What is quantum matter?
Our everyday interactions with the world around us are determined entirely by classical physics. Objects have well defined positions, they respond to the application of forces according to Newton’s Laws, and nothing appears probabilistic. However, at the subatomic scale, where one considers the behavior of, say, individual electrons, the universe behaves in a very different manner. The physics at this scale is instead described by a theory known as quantum mechanics, in which subatomic particles are viewed as waves instead of point particles. Nature does everything in its power to hide its quantum reality from us, which is why our world appears so classical in the first place. Although solids are comprised of millions and millions of “wave-like” electrons which all behave in an indisputably quantum fashion, at the end of the day almost all materials are well described by classical physics. Despite the complexity of quantum mechanics at the microscopic scale, measurements on the macroscopic scale nearly always give classical results.

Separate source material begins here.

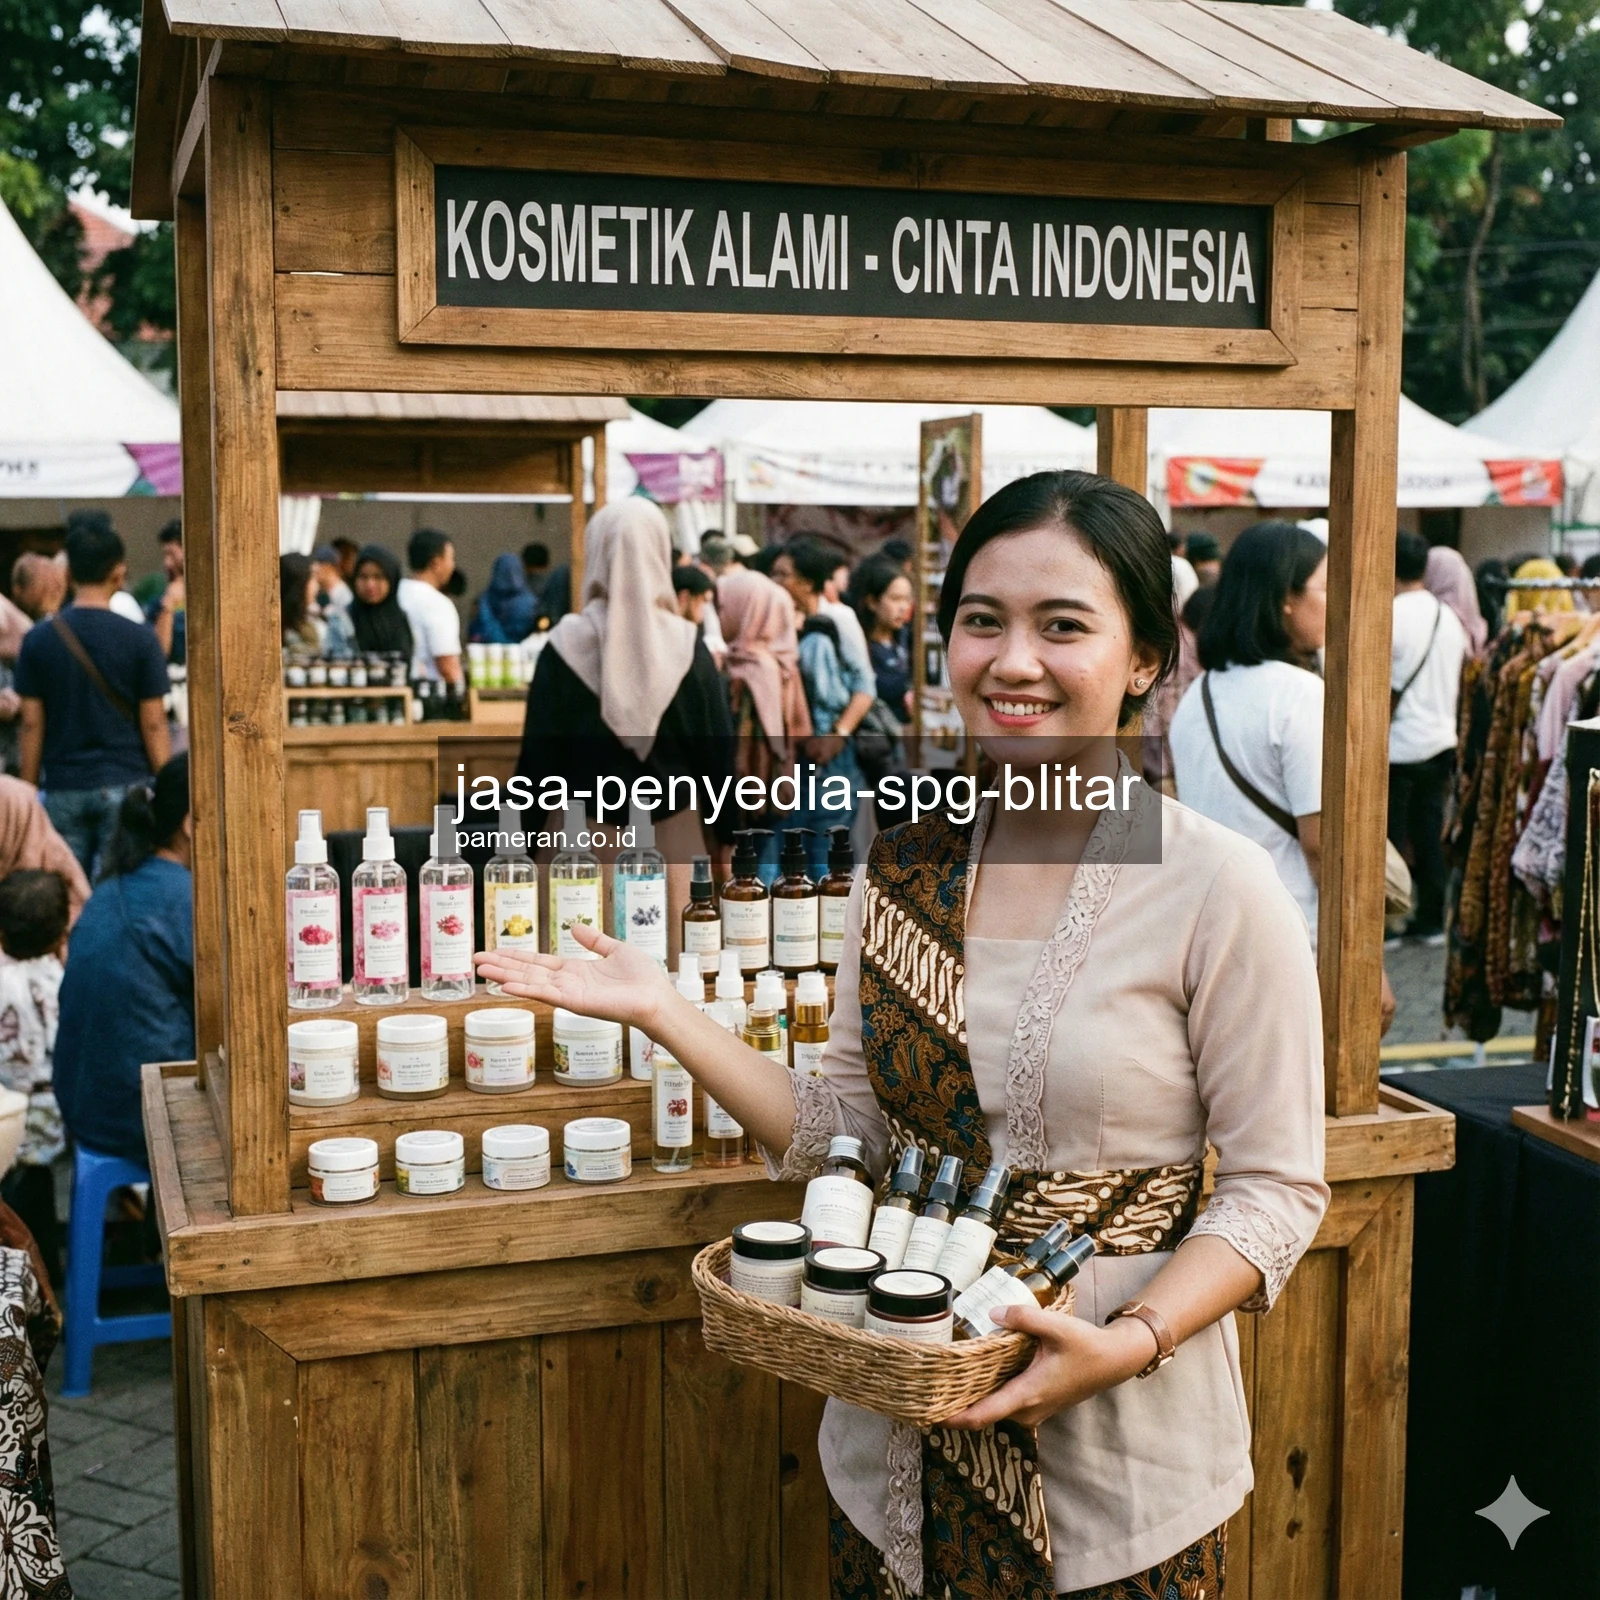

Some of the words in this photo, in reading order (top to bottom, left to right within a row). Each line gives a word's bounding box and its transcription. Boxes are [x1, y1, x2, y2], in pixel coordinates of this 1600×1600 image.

Quantum matter is simply the opposite. These materials often possess electrons which strongly interact with one another, so that the “quantum-ness” cannot be ignored. In a sense, classical physics breaks down and one is forced to use quantum mechanics to describe their properties, even macroscopically. There are many forms of quantum matter and scientists all over the world are uncovering more every day. Each type constitutes an entirely new phase of matter with remarkable properties which may one day lead to technological revolutions. Already, the theoretical and experimental ground work for a new class of computers based on quantum matter – “quantum computers” – is being laid. The technology of past generations has been entirely classical but the technology of future generations is indisputably quantum.
Shining light on quantum matter
How do we know if a material is “quantum matter” or not? Shine some light on it! I’ve dedicated my career to using light from the microwave to the visible spectral range to uncover the properties of these exotic materials. In my graduate research, I studied the electrodynamics of quantum matter by creating excitations with low-energy light. The properties of the ground state of these materials is naturally encoded in their low-energy excitation spectrum. As a post-doctoral scholar, I use visible light generated by intense ultra-fast pulsed lasers to study the symmetries of quantum matter through their non-linear optical interactions. The symmetries, or lack thereof, of these materials often provide insight on the ground state properties.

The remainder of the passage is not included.